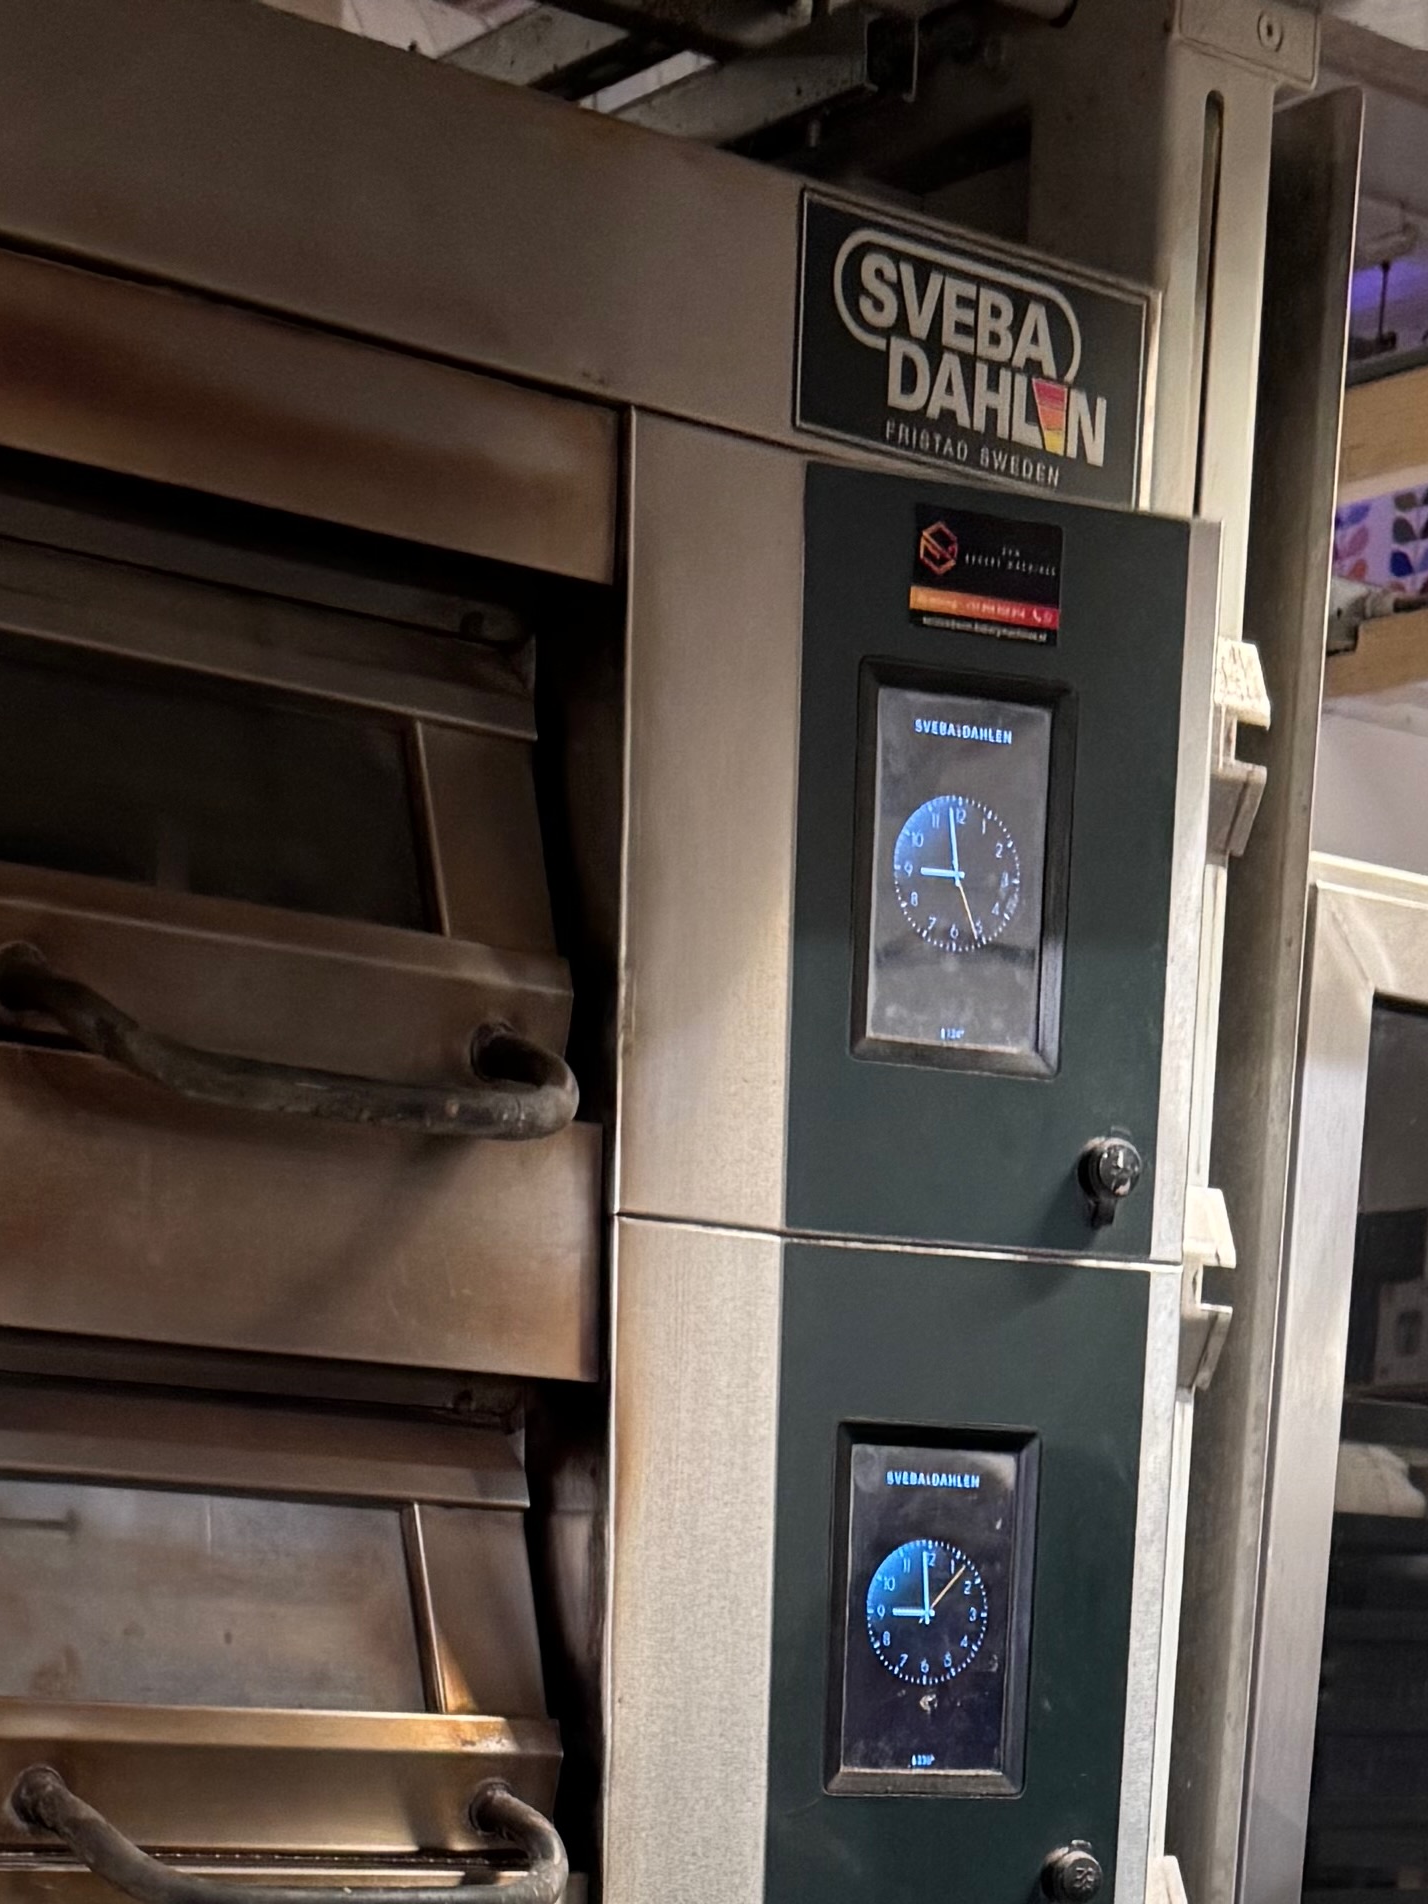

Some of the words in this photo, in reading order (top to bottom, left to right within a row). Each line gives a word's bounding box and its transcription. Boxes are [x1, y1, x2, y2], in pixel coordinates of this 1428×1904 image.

[858, 251, 1057, 380] SVEBA
[980, 445, 1060, 487] SWEDEN
[995, 842, 1003, 859] 2
[950, 923, 959, 939] 6
[964, 1580, 972, 1595] 2
[969, 1607, 977, 1622] 3
[899, 1653, 909, 1668] 7
[920, 1658, 929, 1674] 6
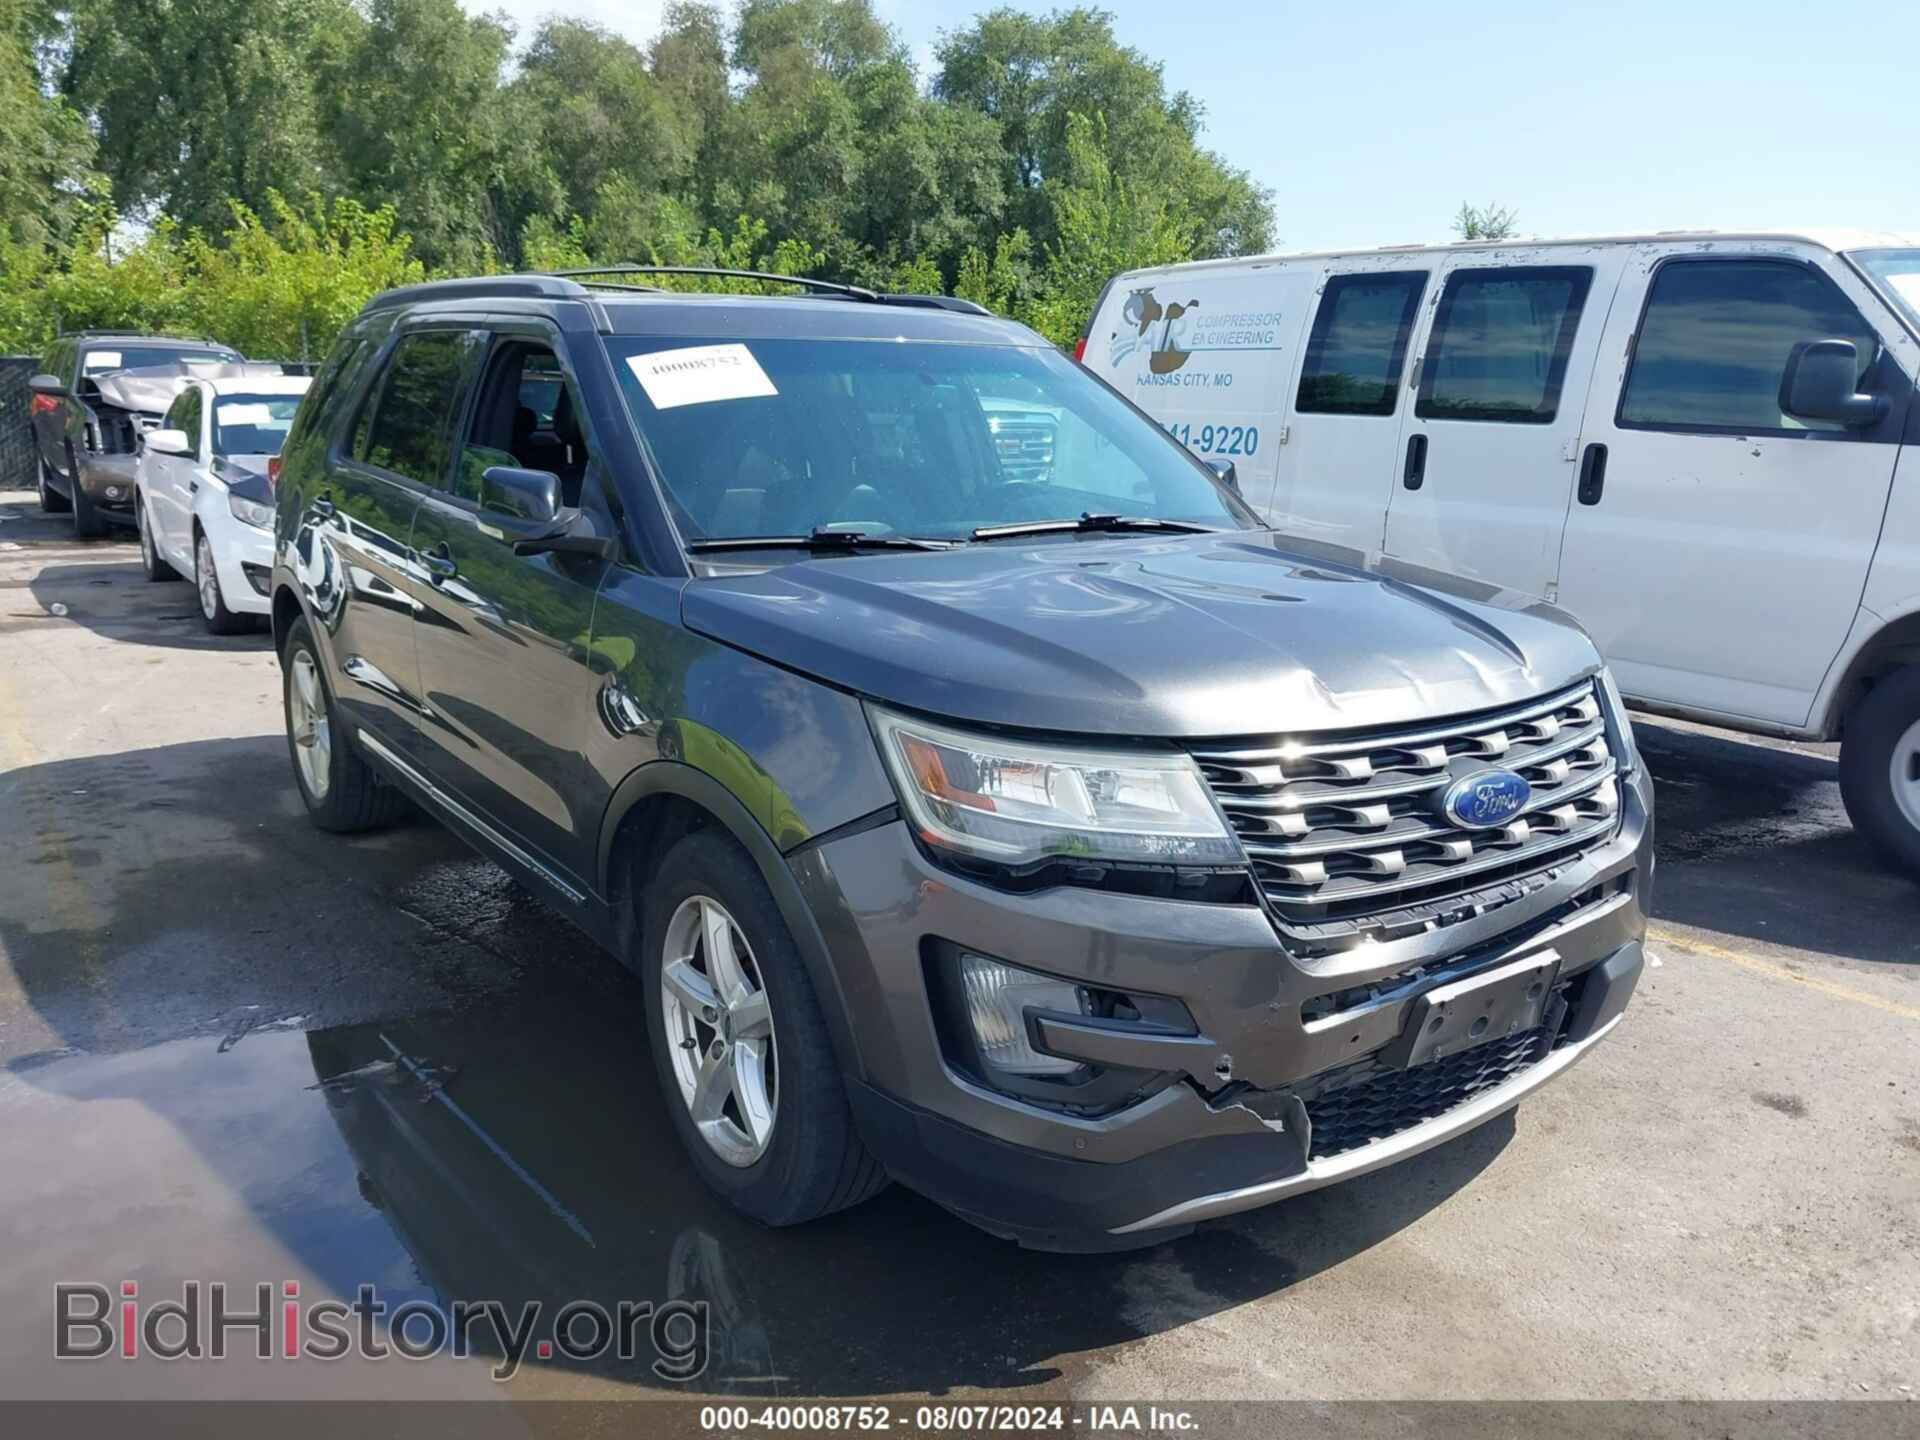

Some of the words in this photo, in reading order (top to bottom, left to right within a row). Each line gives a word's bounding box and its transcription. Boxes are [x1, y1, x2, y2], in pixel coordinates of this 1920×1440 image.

[1196, 312, 1282, 328] COMPRESSOR
[1136, 373, 1182, 387] KANSAS
[1184, 373, 1210, 389] CITY,
[1213, 373, 1233, 387] MO
[1475, 782, 1519, 818] Ford

***

AIM OF THE EXERCISE »
Give back every line of the material exactly as written, but not the pictures.

SOLUTION TO THIS EXERCISE »
Some of the words in this photo, in reading order (top to bottom, left to right within a row). Each line gives a word's bounding box and its transcription. Boxes are [x1, y1, x2, y2], in pixel coordinates of this 1428×1904 image.

[858, 251, 1057, 380] SVEBA
[980, 445, 1060, 487] SWEDEN
[995, 842, 1003, 859] 2
[950, 923, 959, 939] 6
[964, 1580, 972, 1595] 2
[969, 1607, 977, 1622] 3
[899, 1653, 909, 1668] 7
[920, 1658, 929, 1674] 6

Some of the words in this photo, in reading order (top to bottom, left to right within a row). Each line gives a word's bounding box and its transcription. Boxes are [x1, y1, x2, y2], in pixel coordinates of this 1920×1440 image.

[1196, 312, 1282, 328] COMPRESSOR
[1136, 373, 1182, 387] KANSAS
[1184, 373, 1210, 389] CITY,
[1213, 373, 1233, 387] MO
[1475, 782, 1519, 818] Ford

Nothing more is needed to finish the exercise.